Imola. Oltre al primo comitato del No alle riforme costituzionali del governo Renzi, formato da una minoranza dell'Anpi locale con esponenti per lo più di Rc e Comunisti italiani mentre la maggioranza comandata dal presidente Pd Bruno Solaroli ha scelto pilatescamente di non schierarsi (provocando una probabile frattura), nella lotta che si concluderà a ottobre si inserisce anche il Movimento 5 stelle.

“La riforma costituzionale del governo Renzi – scrivono i pentastellati – assieme a quella elettorale in sintesi muterà la nostra Repubblica parlamentare in una sorta di monarchia del premier lasciato padrone di scegliere la maggioranza dei parlamentari che poi è ovvio eserciteranno il loro potere di controllo sul governo esattamente come facevano i servi della gleba sui loro padroni. Poi non pago, tramite questi ultimi, il premier potrà scegliersi il Presidente della Repubblica e la maggioranza dei giudici della Corte Costituzionale che più gli aggradano. Insomma il sogno renziano è quello di consentire a una maggioranza esigua di elettori di impadronirsi di tutte le istituzioni, comprese quelle di garanzia”.
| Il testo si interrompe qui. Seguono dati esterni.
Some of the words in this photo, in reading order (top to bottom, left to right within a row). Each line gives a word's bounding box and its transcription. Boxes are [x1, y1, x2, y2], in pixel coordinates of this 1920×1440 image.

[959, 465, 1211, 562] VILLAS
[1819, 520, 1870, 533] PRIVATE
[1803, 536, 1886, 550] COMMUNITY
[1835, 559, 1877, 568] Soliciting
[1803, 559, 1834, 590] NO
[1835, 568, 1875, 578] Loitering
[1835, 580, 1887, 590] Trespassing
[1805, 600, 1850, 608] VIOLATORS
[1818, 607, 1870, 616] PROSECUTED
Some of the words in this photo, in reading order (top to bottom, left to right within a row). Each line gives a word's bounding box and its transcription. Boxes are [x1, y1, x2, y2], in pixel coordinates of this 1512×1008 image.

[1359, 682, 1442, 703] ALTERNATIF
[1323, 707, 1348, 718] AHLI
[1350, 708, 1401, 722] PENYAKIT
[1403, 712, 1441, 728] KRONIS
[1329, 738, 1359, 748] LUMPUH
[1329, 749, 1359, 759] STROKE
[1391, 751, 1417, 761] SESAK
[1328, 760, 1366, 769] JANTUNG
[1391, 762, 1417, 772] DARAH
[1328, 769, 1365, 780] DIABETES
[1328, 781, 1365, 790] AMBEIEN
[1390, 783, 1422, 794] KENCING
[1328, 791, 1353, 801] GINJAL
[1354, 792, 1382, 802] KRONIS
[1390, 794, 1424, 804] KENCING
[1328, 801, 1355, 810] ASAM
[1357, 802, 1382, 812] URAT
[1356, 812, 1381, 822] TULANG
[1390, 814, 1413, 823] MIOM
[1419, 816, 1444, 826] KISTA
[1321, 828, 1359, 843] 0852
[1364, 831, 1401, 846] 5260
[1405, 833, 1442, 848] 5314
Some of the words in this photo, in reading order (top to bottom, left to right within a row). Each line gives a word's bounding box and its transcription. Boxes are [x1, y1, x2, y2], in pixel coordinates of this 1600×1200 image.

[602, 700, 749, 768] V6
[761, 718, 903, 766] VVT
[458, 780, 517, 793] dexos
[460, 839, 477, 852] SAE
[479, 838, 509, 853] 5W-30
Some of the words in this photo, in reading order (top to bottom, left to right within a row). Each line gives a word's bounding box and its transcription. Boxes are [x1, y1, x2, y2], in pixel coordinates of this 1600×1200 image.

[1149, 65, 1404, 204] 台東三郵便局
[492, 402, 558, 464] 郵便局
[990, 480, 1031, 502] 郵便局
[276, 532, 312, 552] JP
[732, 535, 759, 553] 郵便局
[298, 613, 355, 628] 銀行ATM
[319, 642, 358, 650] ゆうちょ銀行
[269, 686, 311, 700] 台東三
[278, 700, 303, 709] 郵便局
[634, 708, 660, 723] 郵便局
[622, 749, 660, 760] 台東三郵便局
“Se appena tre anni fa qualcuno avesse detto ad una festa dell'Unità che nel 2016 l'impresentabile Verdini (così veniva definito dall'Unità quando era alleato di Berlusconi) avrebbe tenuto a battesimo dei candidati sindaci del Pd e dato i voti necessari al partito per mettere mano a una Costituzione scritta da gente come Calamandrei, come minimo sarebbe stato lapidato a colpi di piadina – concludono i grillini -. Se cambiare idea è legittimo, cambiare giacca in questa maniera è qualcosa che fortunatamente sembra andare oltre il limite del tollerabile di un sempre maggior numero di italiani. A ottobre quindi per evitare che la nostra Repubblica si trasformi in una dittatura mascherata e che Renzi come promesso levi finalmente le tende, ricordiamoci di votare un forte e convinto No”.